Ms. Clapp’s personal income tax returns and notices of assessment
[32] In his Case Conference Brief, Mr. Clapp requested her returns and notices of assessment for 1998 to 2008, and for 2012 and 2013. At the Conference, he acknowledged that he has received the returns for all years except 1998 to 2001, and all notices of assessment except those for 1998 to 2008.
[33] Rule 13(7) of the Family Law Rules requires a party to file, with his/her financial statement, notices of assessment and reassessment for the three previous tax years. The material before me does not distinguish the relevance of amounts which Ms. Clapp received from 1998 to 2008 from those she received in more recent years, and does not support a conclusion that records from the earlier period have any exceptional relevance. Mr. Clapp’s request for the earlier returns and notices of assessment are overly remote and I am not satisfied, on the material before me, that they should be produced.
Ms. Michie’s Will and the distribution of her estate
[34] Ms. Clapp has produced her mother’s Will. Mr. Clapp requests the details of when and to whom distributions of her estate were made. He argues that because Ms. Michie established trusts for her children, Ms. Clapp could easily make an arrangement with her siblings and the trustee to withhold distribution of amounts due to her and secure loans from her siblings, secured by the amounts withheld. This argument has no bearing on distributions of Ms. Clapp’s mother’s estate, unless the trustee of the estate is withholding a portion of Ms. Clapp’s inheritance, which is not suggested. Ms. Clapp has produced her mother’s Will, which discloses her own inheritance, and I will order her to request an inventory of her mother’s estate, and to disclose what distributions have been made to her thus far, and any information she has as to her own undistributed inheritance. Unless this discloses that her mother made bequests to her that are, as yet, undistributed, there is no basis for an order requiring the estate trustee to disclose bequests and distributions to other beneficiaries. Such an order would result in an unwarranted intrusion on the other beneficiaries’ privacy.

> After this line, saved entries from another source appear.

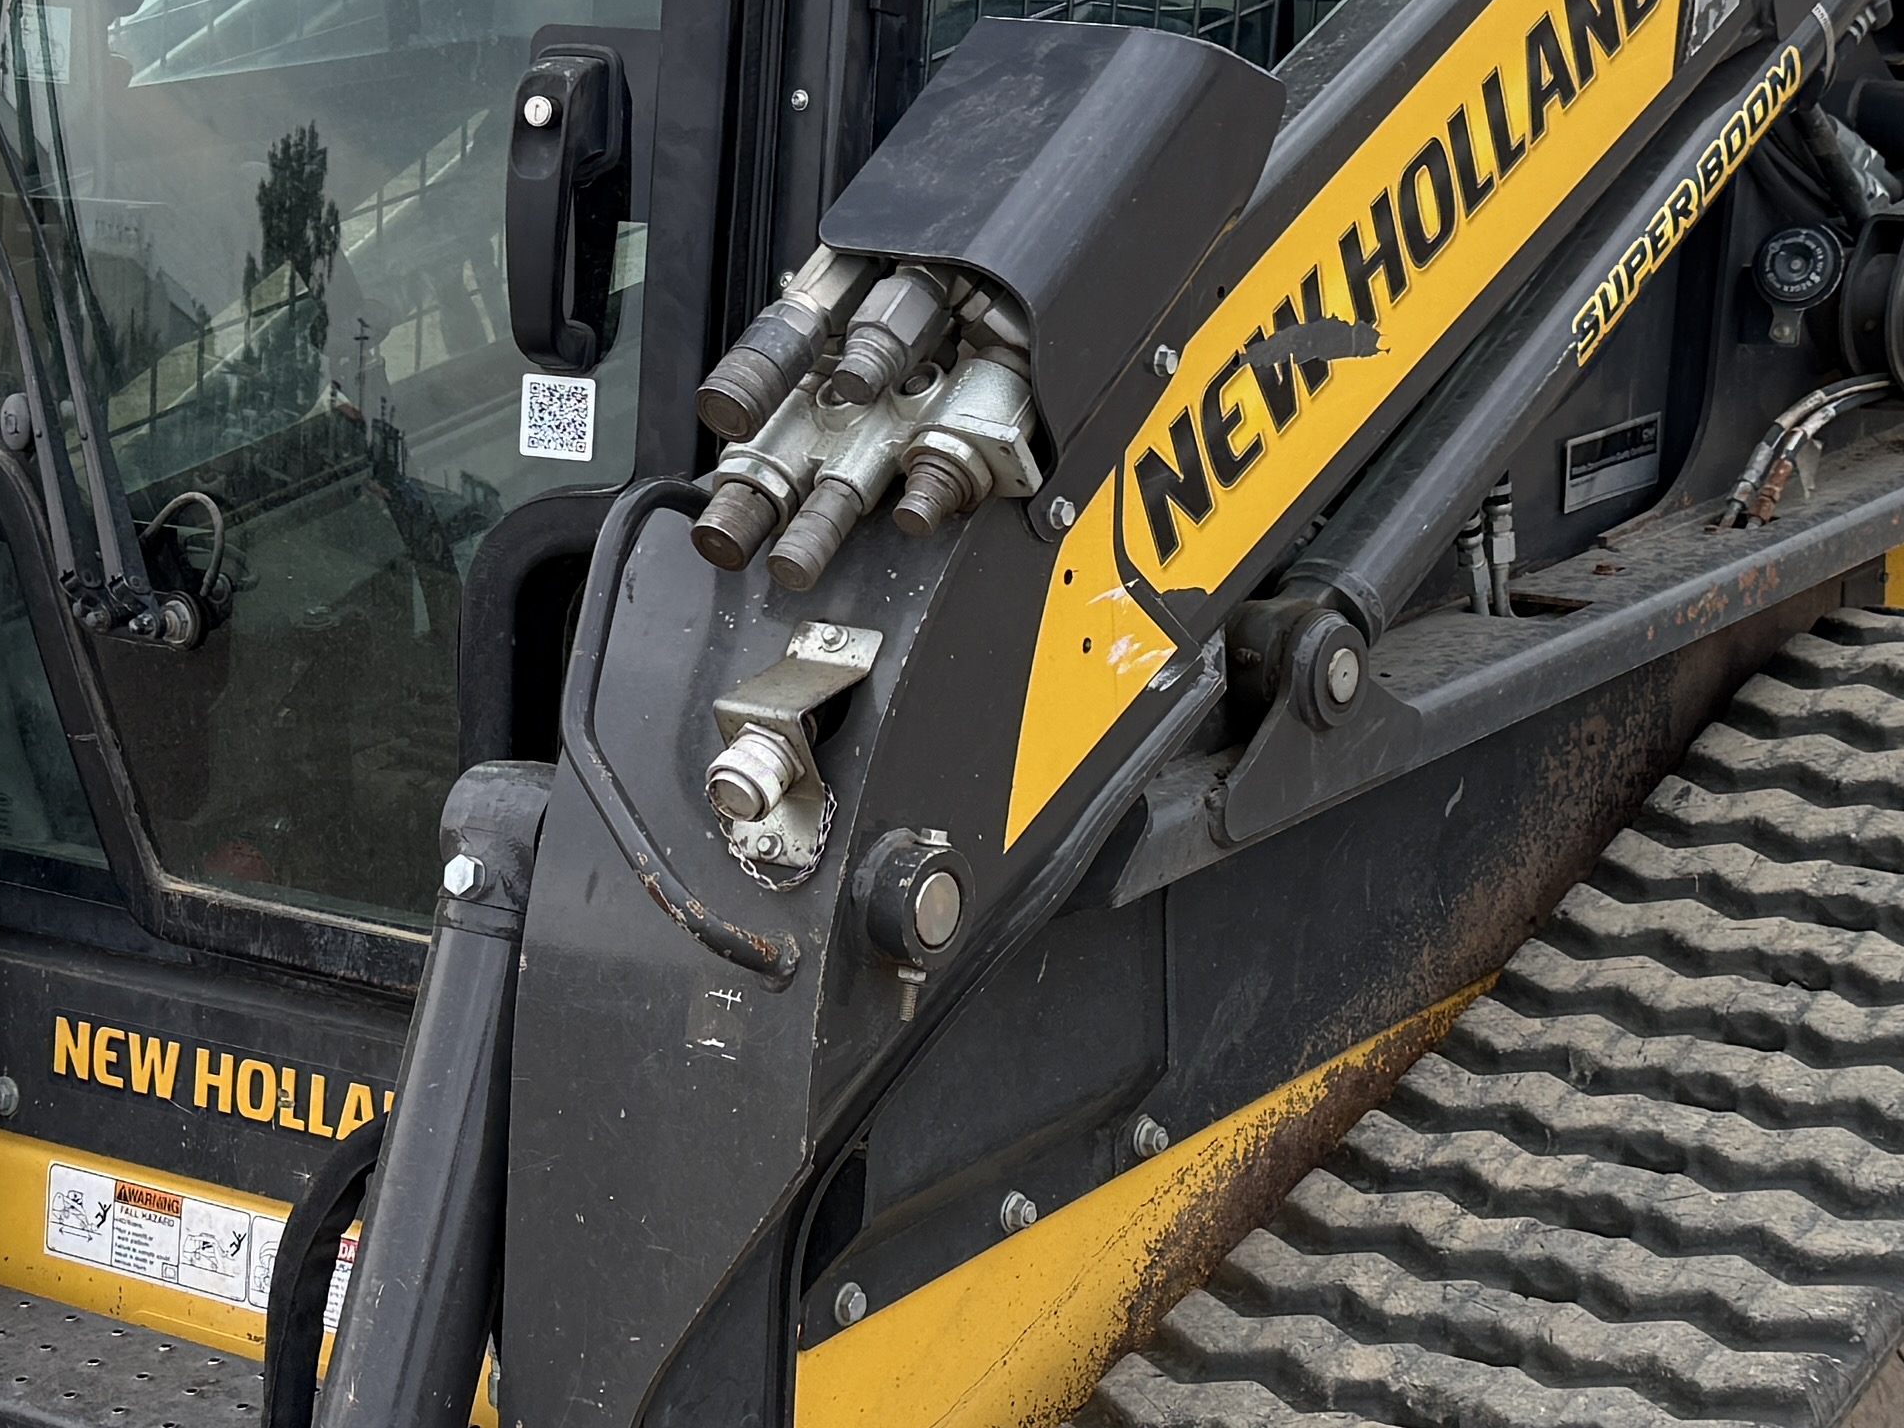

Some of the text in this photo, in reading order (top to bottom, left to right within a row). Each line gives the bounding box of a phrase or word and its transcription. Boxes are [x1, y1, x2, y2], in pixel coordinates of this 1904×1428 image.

[1572, 178, 1699, 367] SUPER
[1696, 45, 1802, 207] BOOM
[1134, 263, 1332, 566] NEW
[53, 1016, 180, 1099] NEW
[120, 1205, 139, 1219] FALL
[128, 1187, 180, 1215] WARNING

Gifts from Ms. Michie or others
[35] Mr. Clapp requests disclosure of all gifts that Ms. Clapp has received from her mother or anyone else from 1995 to the present. I will order each of the parties to disclose gifts of a value exceeding $1,000 that they have received during the period from three years prior to their separation. The gifts made in previous years have minimal relevance and requiring disclosure of them would impose a burden on the parties that is disproportionate to its relevance.
Ms. Clapp’s and/or Oceana Trust’s interest in New Century Holdings
[36] Mr. Clapp requests disclosure of Ms. Clapp’s and/or Oceana Trust’s interest in New Century Holdings XI, L.P. at any time from 1995 to the present, and a list of all shareholders of that or any other company in which the Trust owns shares. The trustee has produced the financial statements of Oceana Trust from 2010 to 2013. The statements disclose the assets of the Trust and the distributions it has made. The material, to this point, does not satisfy me that there is any relevance to further disclosure of the Trust’s investments. In the absence of such relevance, an order for disclosure of this information would be an unwarranted intrusion on the privacy of the other beneficiaries.

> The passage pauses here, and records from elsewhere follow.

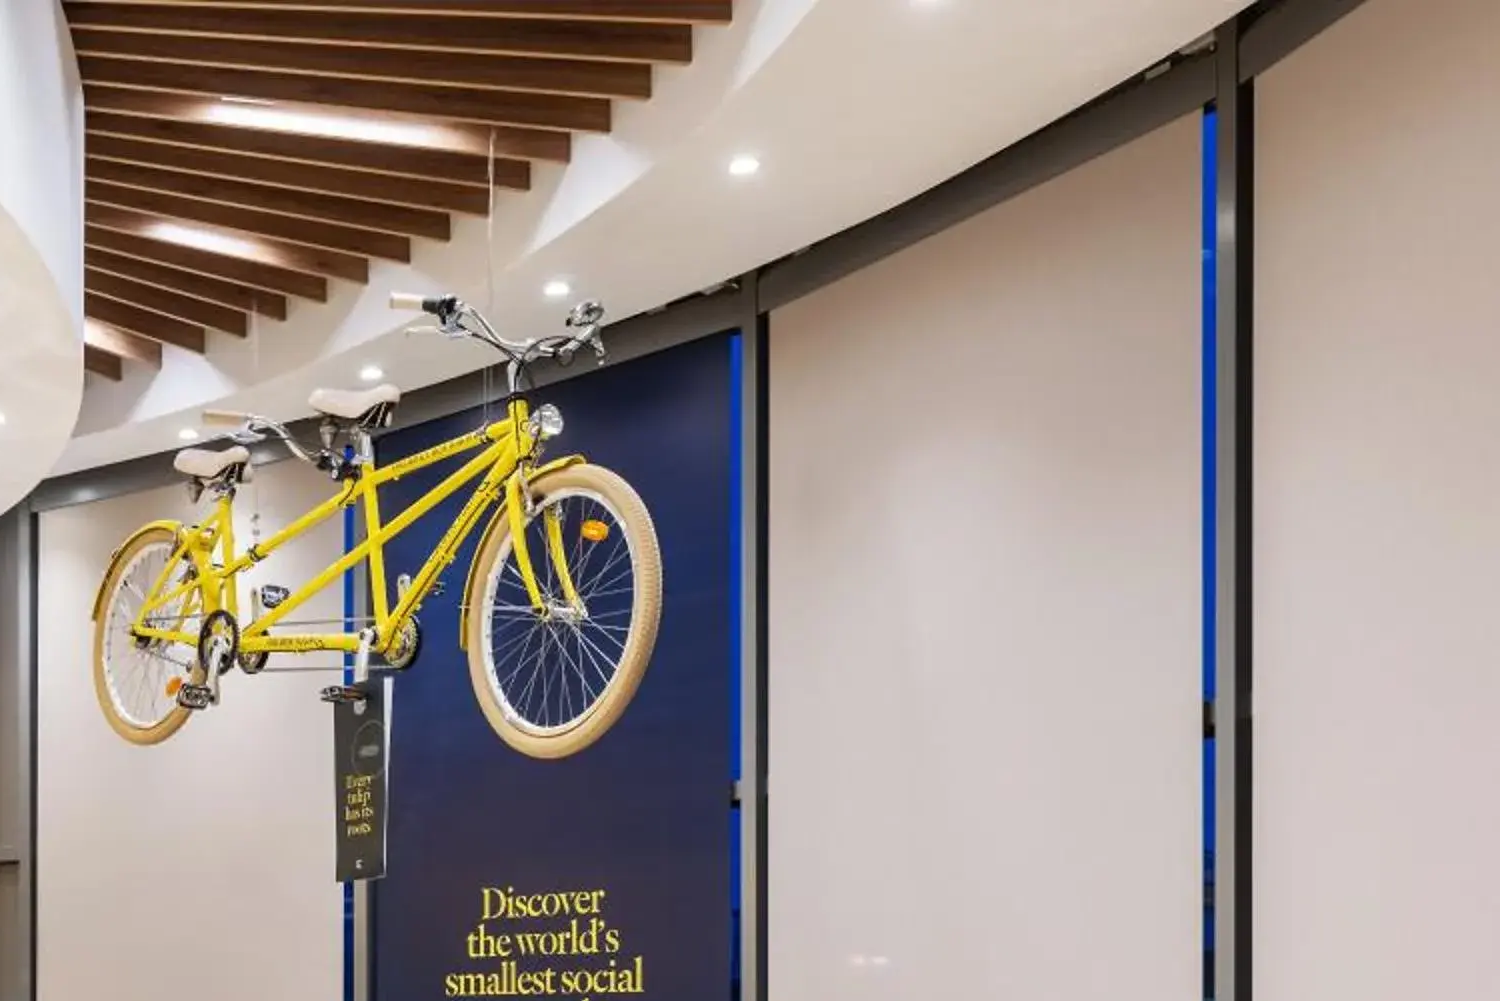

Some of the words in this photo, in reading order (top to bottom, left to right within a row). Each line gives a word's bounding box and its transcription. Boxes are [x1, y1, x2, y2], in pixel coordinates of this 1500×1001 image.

[481, 886, 605, 920] Discover
[467, 924, 511, 958] the
[515, 917, 621, 956] world's
[444, 960, 556, 997] smallest
[560, 956, 644, 994] social

Oceana Trust’s Financial Statements
[37] Mr. Clapp initially requested Oceana Trust’s financial statements for 1997, 1998, 2000 to 2009, and 2013. Ms. Clapp states, and Mr. Clapp accepts, that she has produced the financial statements from 2001 onward. Mr. Clapp therefore requires only the financial statements for 1997 to 2000.
[38] The Federal Child Support Guidelines set out, in section 21, the Income Information that a spouse who is applying for child support, or the respondent to such an application, and whose income information is necessary to determine the amount of the order, must produce. Section 21 provides as follows, with regard to the beneficiary of a trust:
- OBLIGATION OF APPLICANT –
(1) A spouse who is applying for a child support order and whose income information is necessary to determine the amount of the order must include the following with the application:
(g) where the spouse is a beneficiary under a trust, a copy of the trust settlement agreement and copies of the trust’s three most recent financial statements;
(2) OBLIGATION OF RESPONDENT – A spouse who is served with an application for a child support order and whose income information is necessary to determine the amount of the order, must, within 30 days after the application is served if the spouse resides in Canada or the United States or within 60 days if the spouse resides elsewhere, or such other time limit as the court specifies, provide the other spouse or the order assignee with the documents referred to in subsection (1). [Emphasis added]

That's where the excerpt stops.